GIVEN RECORDS:
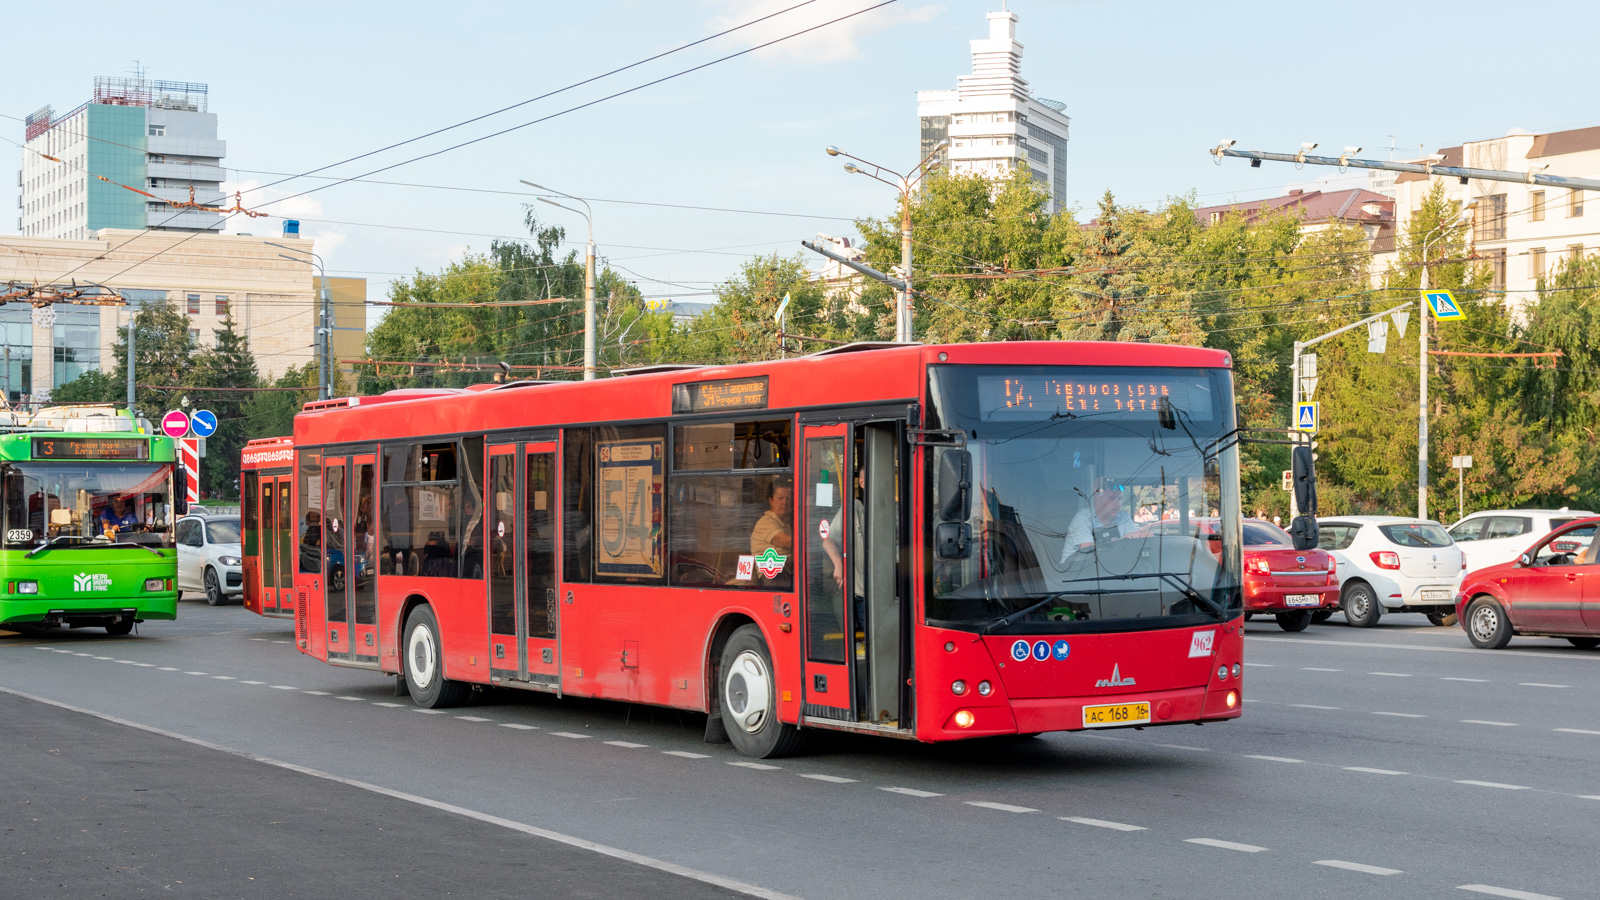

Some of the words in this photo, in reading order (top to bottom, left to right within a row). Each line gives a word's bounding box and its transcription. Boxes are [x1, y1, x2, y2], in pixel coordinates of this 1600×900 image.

[43, 441, 54, 455] 3
[604, 479, 650, 552] 54
[9, 530, 31, 540] 2359
[738, 561, 751, 575] 962
[1193, 635, 1211, 652] 962
[1091, 711, 1104, 722] АС
[1108, 707, 1128, 721] 168
[1135, 705, 1146, 715] 16
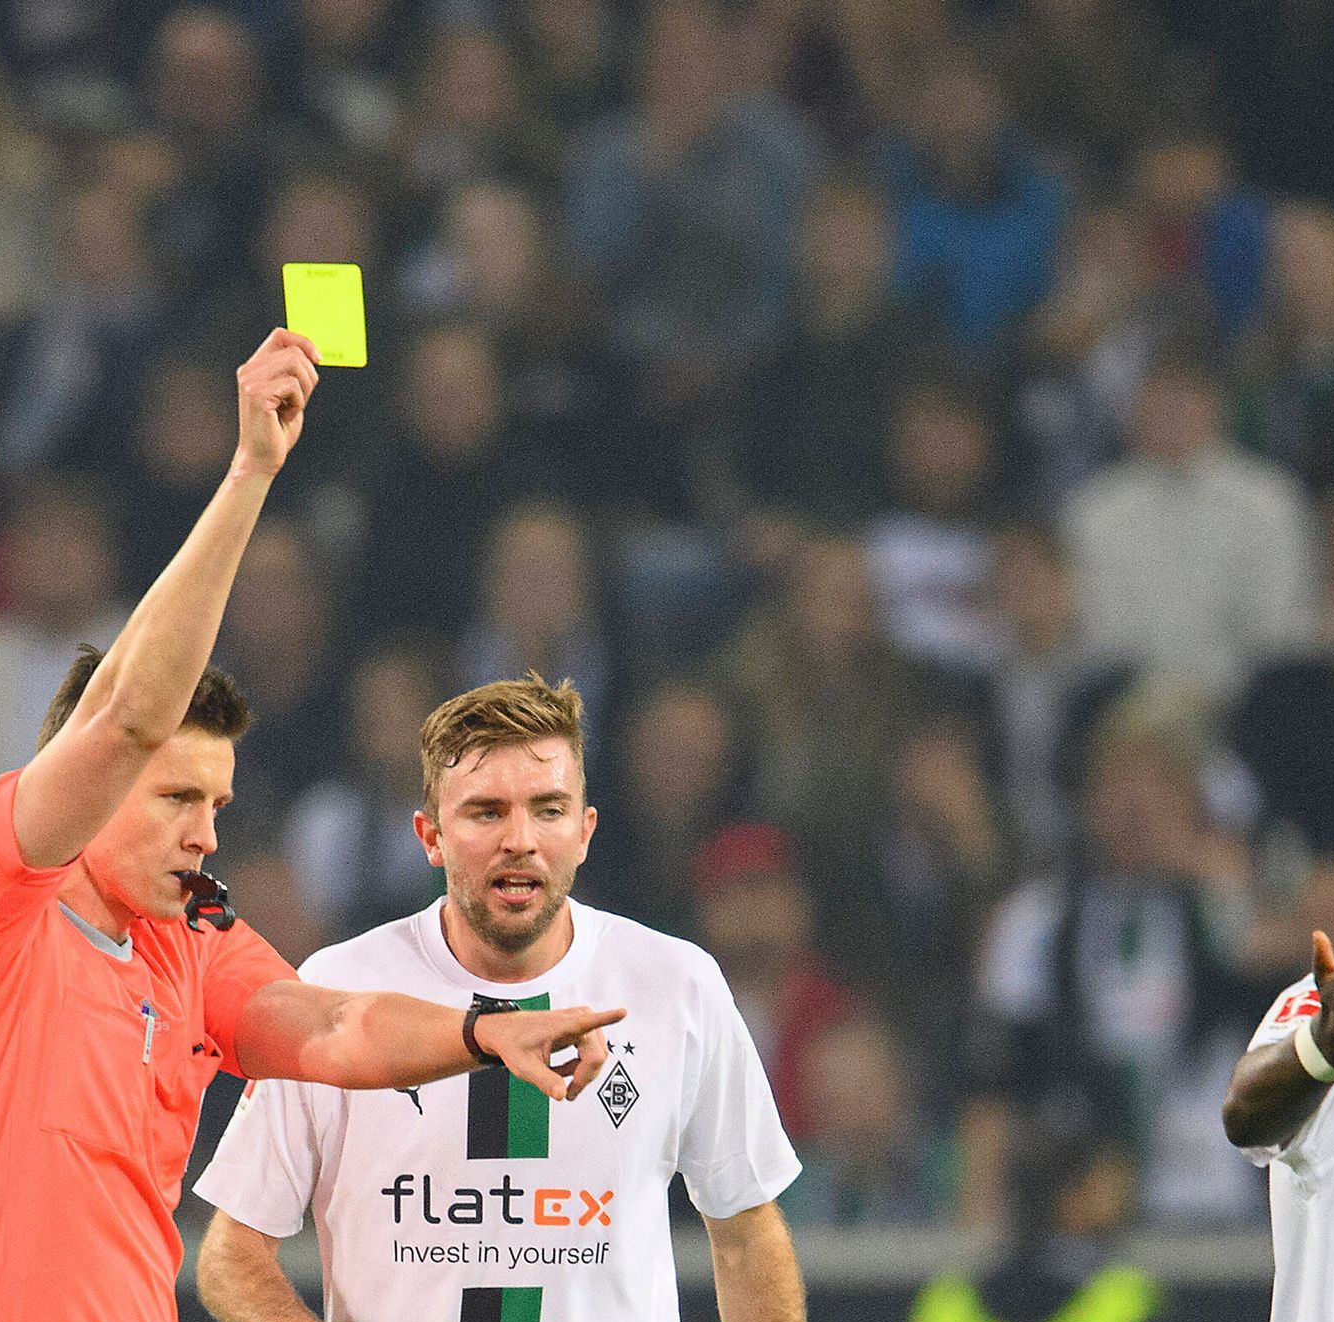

PROBLEM TO SOLVE: Transcribe the records above exactly, skipping pictures.

EXERCISE ANSWER:
Some of the words in this photo, in reading order (top to bottom, left to right within a row). Each line gives a word's bounding box and its transcription. Boxes are [x1, y1, x2, y2], in pixel coordinates of this 1600×900 image.

[43, 441, 54, 455] 3
[604, 479, 650, 552] 54
[9, 530, 31, 540] 2359
[738, 561, 751, 575] 962
[1193, 635, 1211, 652] 962
[1091, 711, 1104, 722] АС
[1108, 707, 1128, 721] 168
[1135, 705, 1146, 715] 16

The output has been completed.